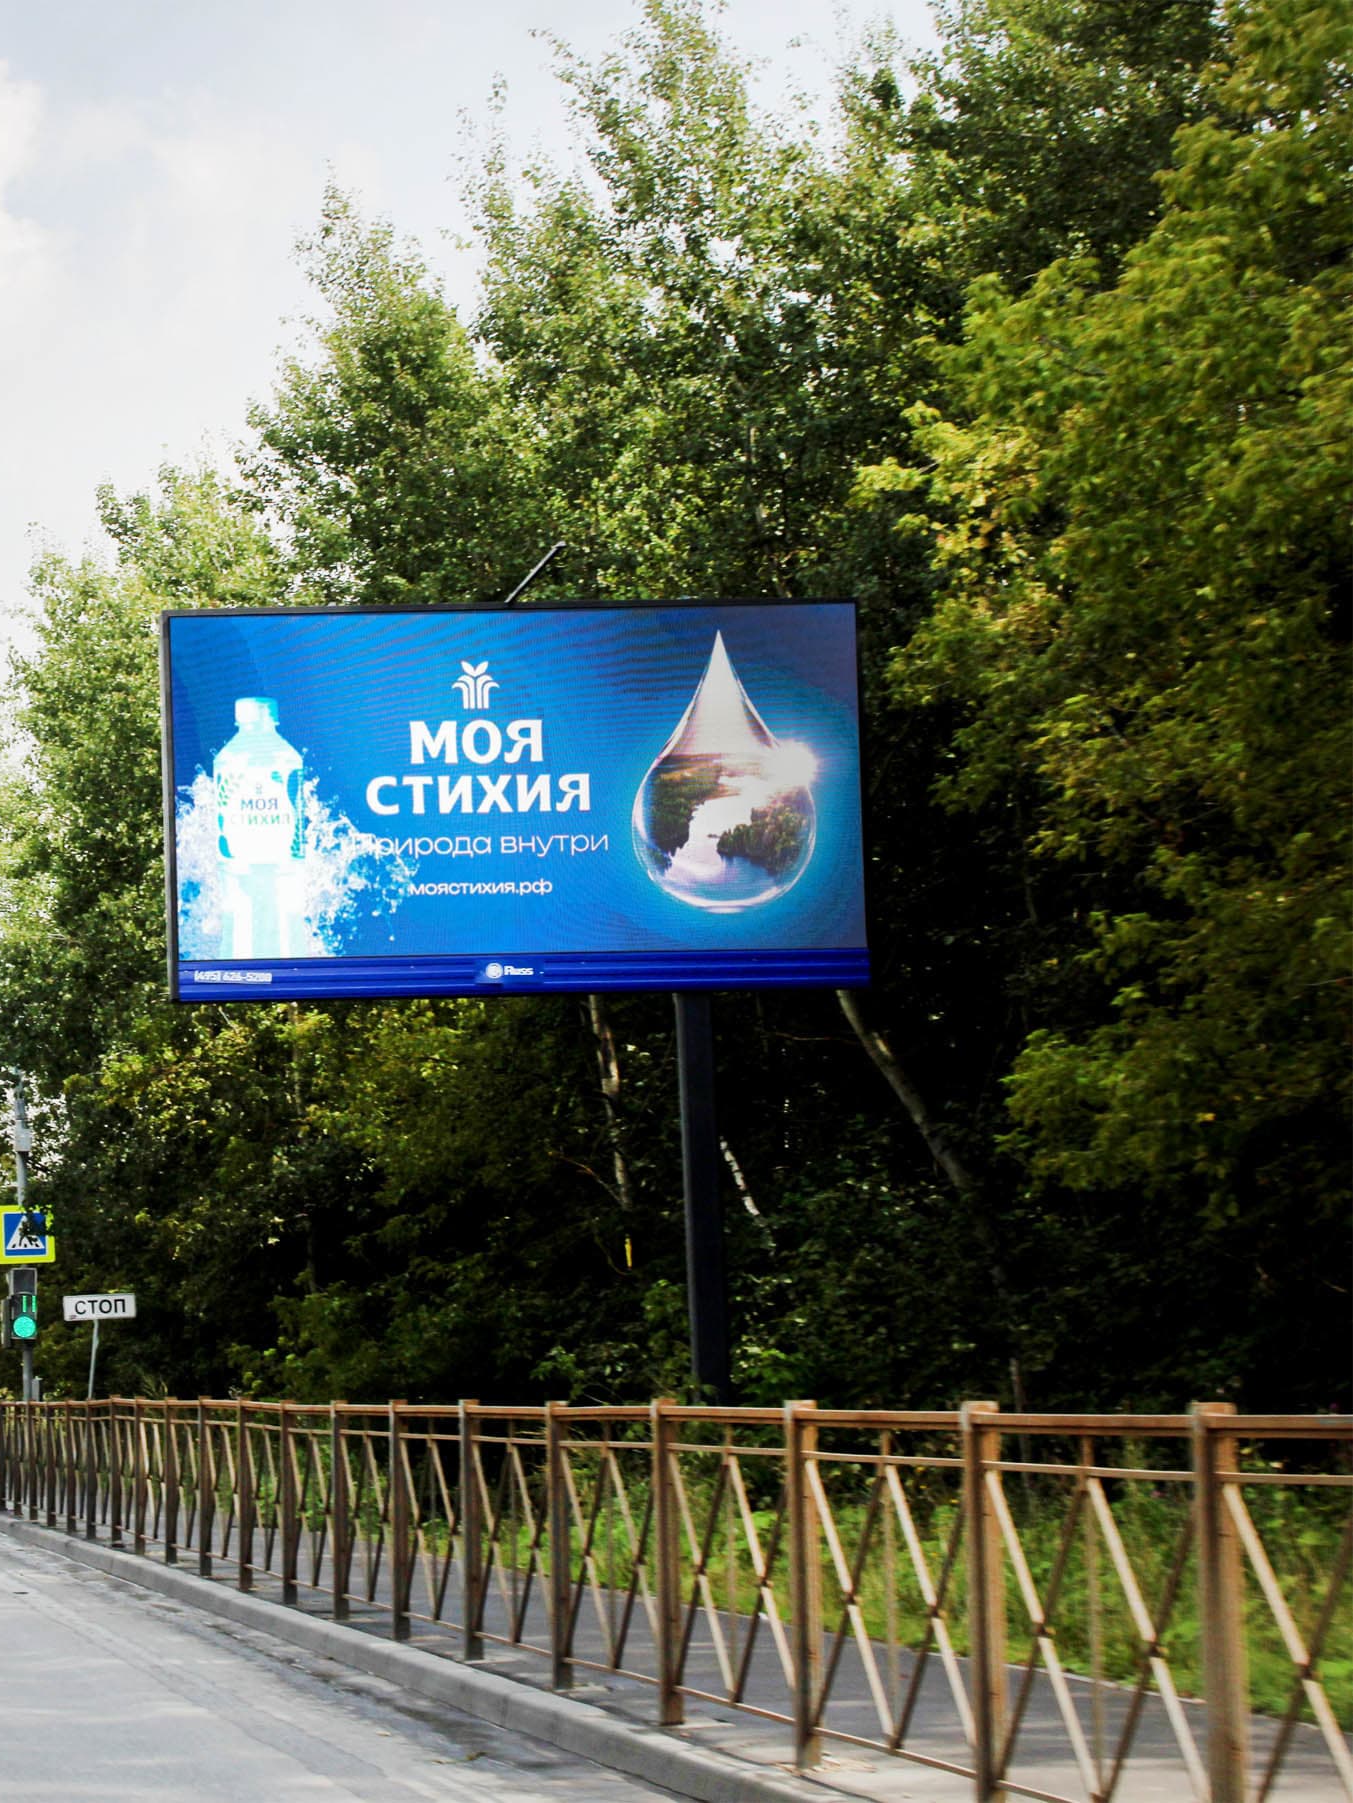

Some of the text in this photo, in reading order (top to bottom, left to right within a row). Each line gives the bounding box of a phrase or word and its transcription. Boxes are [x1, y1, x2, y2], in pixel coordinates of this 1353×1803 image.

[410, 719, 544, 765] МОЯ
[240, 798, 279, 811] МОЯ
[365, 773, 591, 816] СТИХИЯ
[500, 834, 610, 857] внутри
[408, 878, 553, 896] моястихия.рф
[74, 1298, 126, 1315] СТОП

· · · · ·

# [How to complete this task]
Each record should be printed again precisely, though not its pictures.

# [Response to the task]
Some of the text in this photo, in reading order (top to bottom, left to right within a row). Each line gives the bounding box of a phrase or word and its transcription. Boxes are [x1, y1, x2, y2], in pixel coordinates of this 1353×1803 image.

[410, 719, 544, 765] МОЯ
[240, 798, 279, 811] МОЯ
[365, 773, 591, 816] СТИХИЯ
[500, 834, 610, 857] внутри
[408, 878, 553, 896] моястихия.рф
[74, 1298, 126, 1315] СТОП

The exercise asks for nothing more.